Número 32, mayo 2002

Christa Maerker
Muchnik Editores

    Más que de un libro roto, deberíamos hablar de vidas rotas. No había leído todavía el ensayo de Peter Sloterdijk (del que hablo más abajo) mientras estaba zambullida en la lectura de esta rocambolesca historia entre una sex-symbol y un escritor, donde más que amor hubo ansias por salir del anonimato aunque sólo fuera con un aplauso fugaz. Pero ahora me doy cuenta de la verdad que encierran las palabras de Sloterdijk acerca de esa necesidad de distinción que el igualitarismo democrático y burgués no consiguió aplacar. Un impulso que fue especialmente trágico en Norma Jean Mortensen, una mujer víctima de una infancia desgraciada y de la trampa que ella misma se tendió al disfrazar su fragilidad bajo la apariencia de una rubia explosiva: Marilyn Monroe.

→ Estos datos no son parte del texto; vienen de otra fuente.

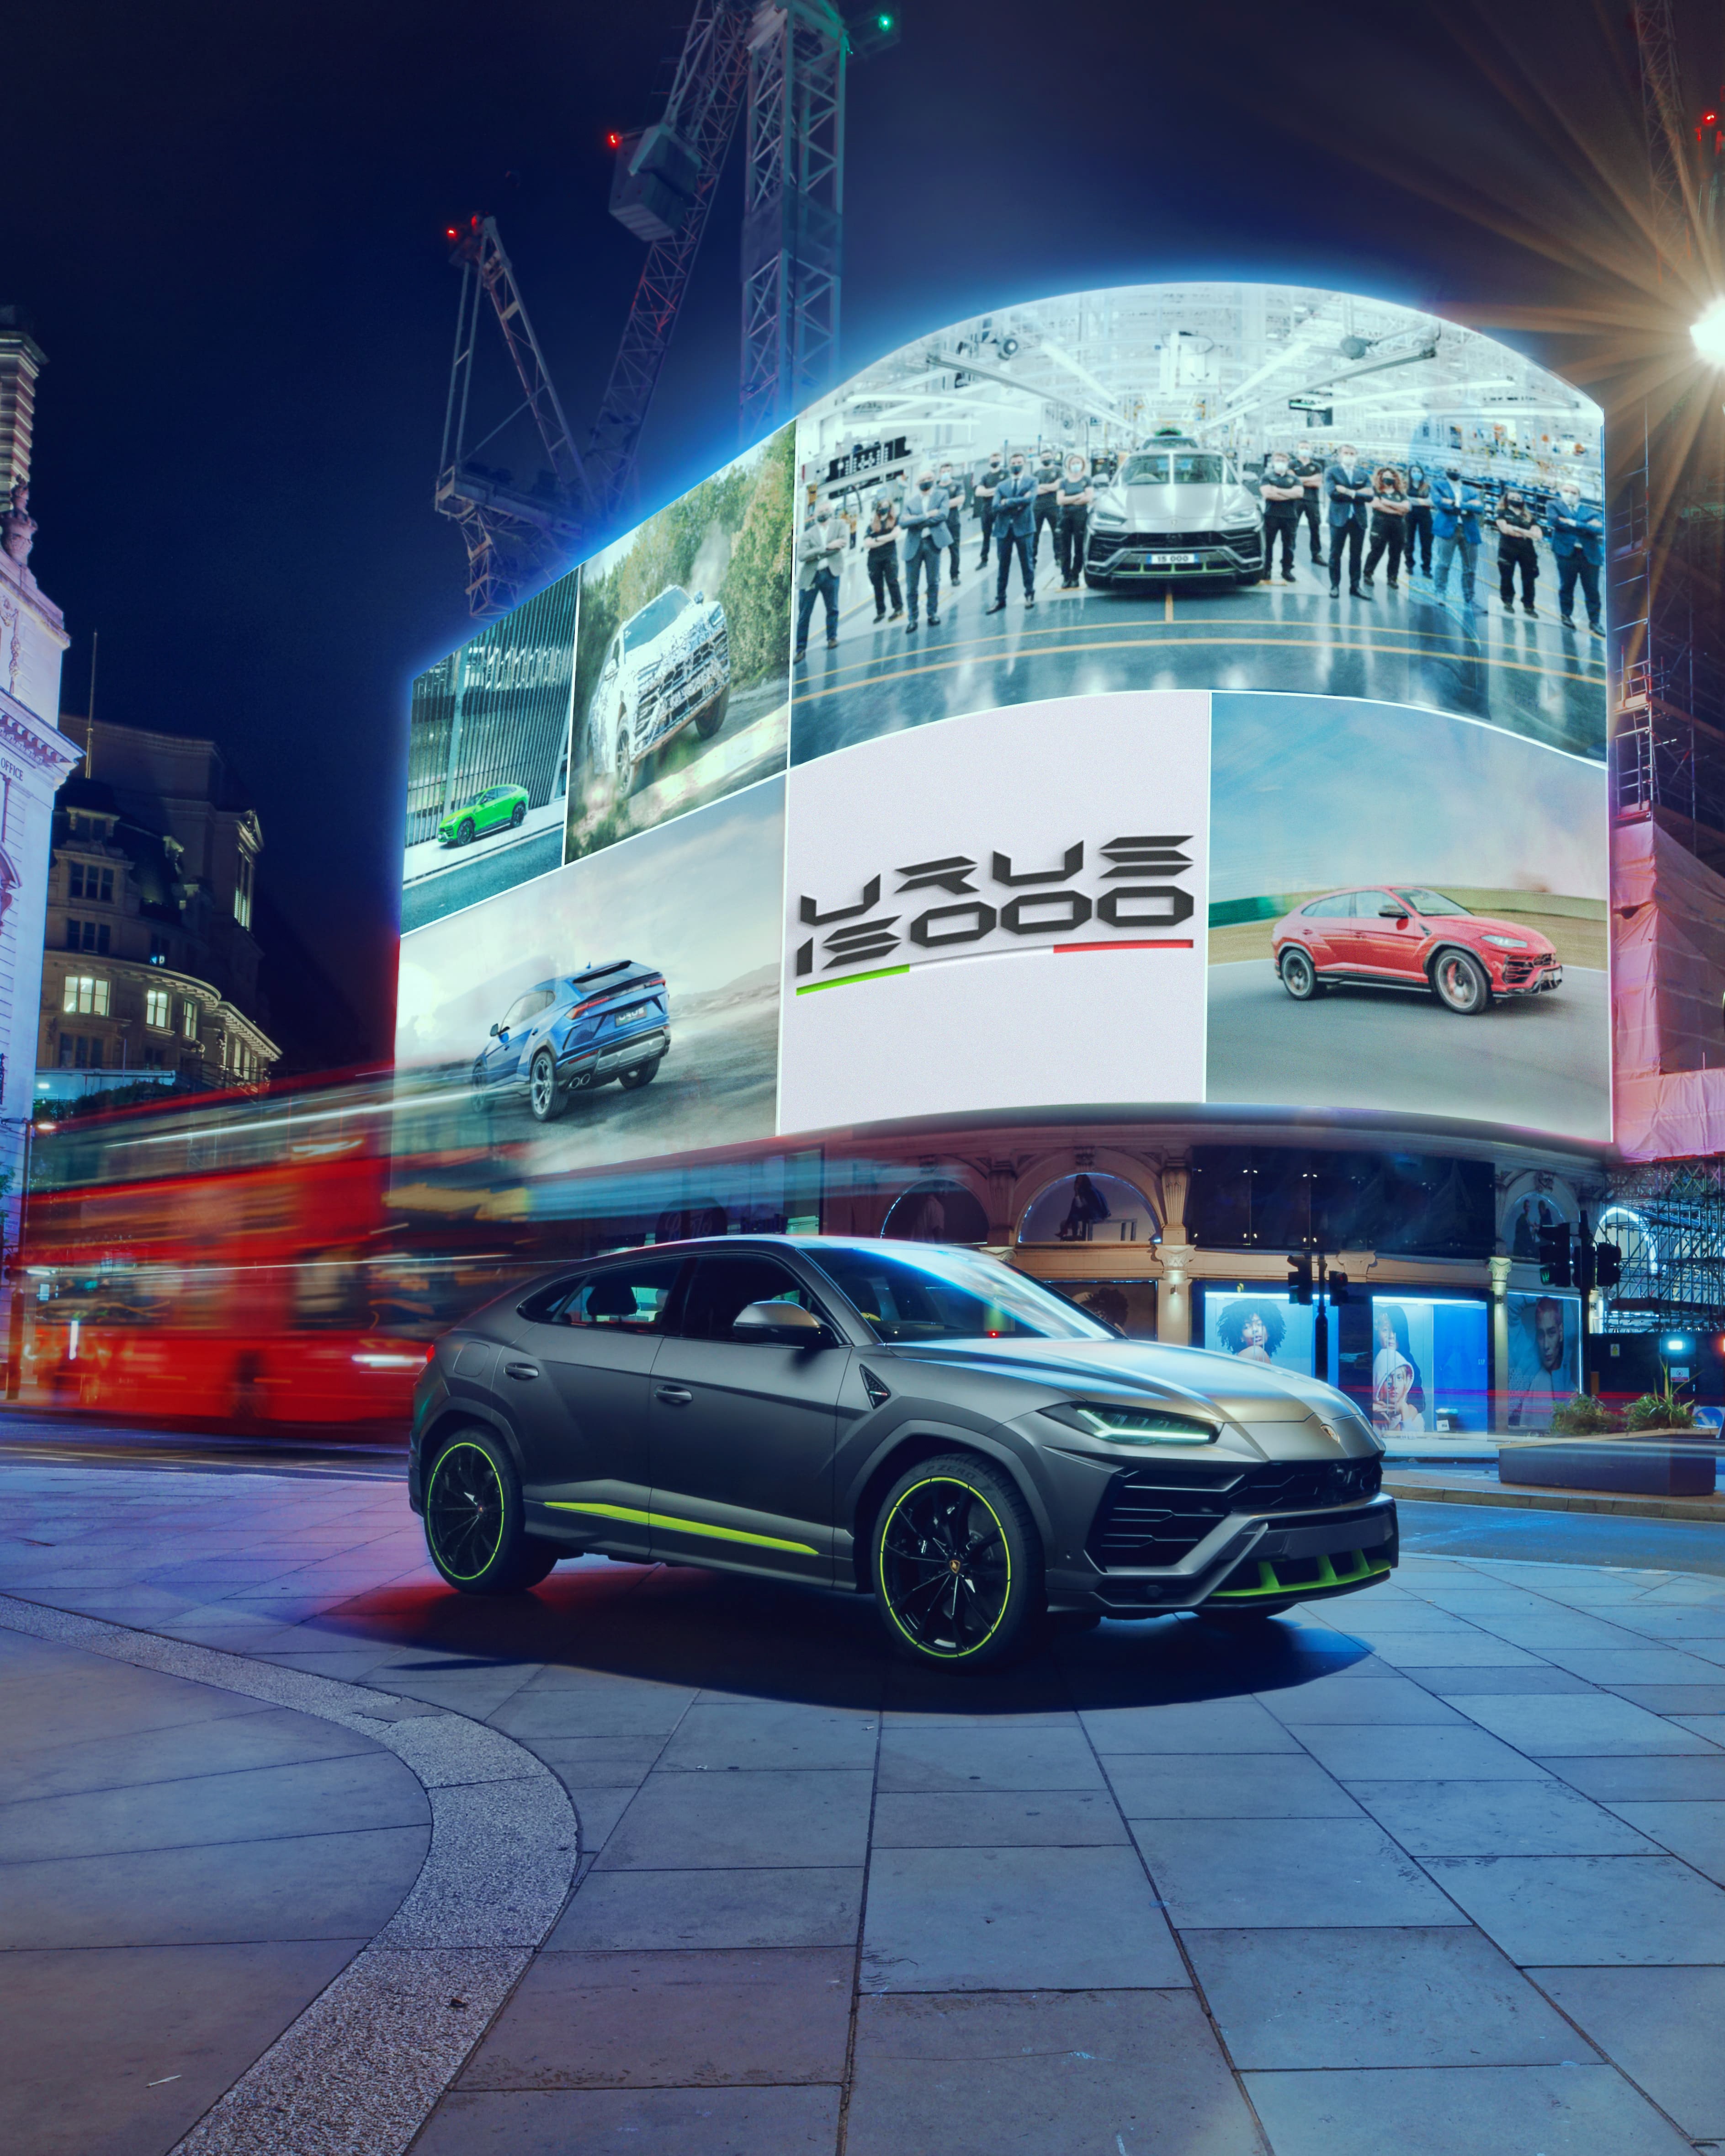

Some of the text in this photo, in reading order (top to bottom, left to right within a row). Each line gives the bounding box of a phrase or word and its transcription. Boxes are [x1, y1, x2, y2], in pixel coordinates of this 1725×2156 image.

[1, 757, 23, 781] OFFICE
[799, 835, 1194, 926] URUS
[796, 885, 1195, 977] 15000
[937, 1464, 976, 1479] ZERO

Para su carencia de padres ysu vida frívola buscó como antídoto a Arthur Miller un daddy intelectual que se ajustaba a la perfección a esas necesidades. También el escritor cree encontrar en la diva la pasión que su matrimonio empezaba a perder. Pero de esta alianza carente de sentido común sólo podría resultar lo que resultó: una lamentable tragedia donde todos pierden.